Saturday, February 25, 2023

The Recasting of Rural America by Sam Webb

DECEMBER 16, 2016 In election post mortems, I have been a little suspicious of commentary that gives too large a role to globalization in accounting for what happened on election day. It has a role for sure, but it can be easily exaggerated. And to the degree that it obscures or hides the role of political and cultural factors, it’s more hindrance than help.

Take the overperformance of Trump in rural and small town America. Globalization, if we understand it to mean corporate disinvestment from domestic locations in favor of investment in far flung regions and countries of the world, sheds little light on why Trump did so well in these communities. In fact, if pursued, it ends up in an analytical dead end.

For it wasn’t the flight of capital from huge swathes of rural and small town America across the Midwest and Plains states that set the stage for Trump’s showing among voters in these communities.

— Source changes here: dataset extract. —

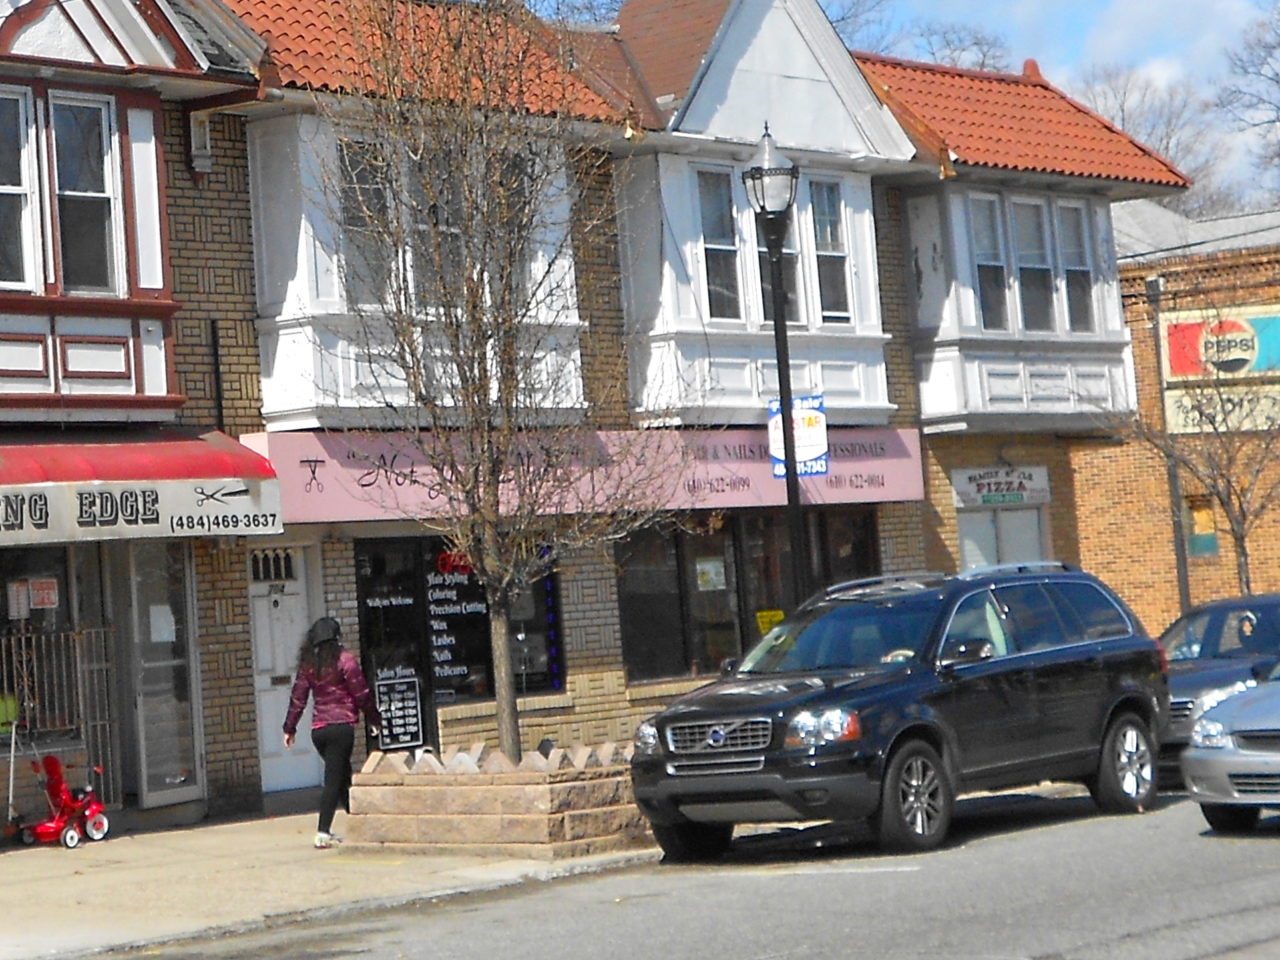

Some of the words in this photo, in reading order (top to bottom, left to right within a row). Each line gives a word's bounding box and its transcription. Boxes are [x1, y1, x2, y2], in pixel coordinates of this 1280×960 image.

It was, actually, the opposite – the inward and massive flow of giant agricultural and commercial capital into every nook and cranny of rural America over the past four decades that did.

As General Motors, Ford, and Chrysler were fleeing Detroit, Flint, and other auto centers in the last decades of the 20th century and relocating south of the border and elsewhere, corporate giants like Cargill, Monsanto, Du Pont, Archer Daniels Midland, International Harvester, Tyson Foods, WalMart, McDonald’s, Target, and CitiBank were descending on rural communities with the destructiveness of swarms of locusts. In this descent, small producers on the land and in the towns were ousted, long-standing social networks were dissolved, new technologies replaced living labor, familiar landmarks disappeared, and people were atomized.

Furthermore, the family farms and small businesses left standing after this convulsive whirlwind found themselves operating in the shadows and under the thumb of the new corporate gunslingers who quickly came to dominate every phase of the production and distribution process and much more. If, to paraphrase the famous lines of the Communist Manifesto, all that was solid didn’t melt into air, it is also fair to say that no more than a thread remained of a way of life that earlier seemed timeless and eternal.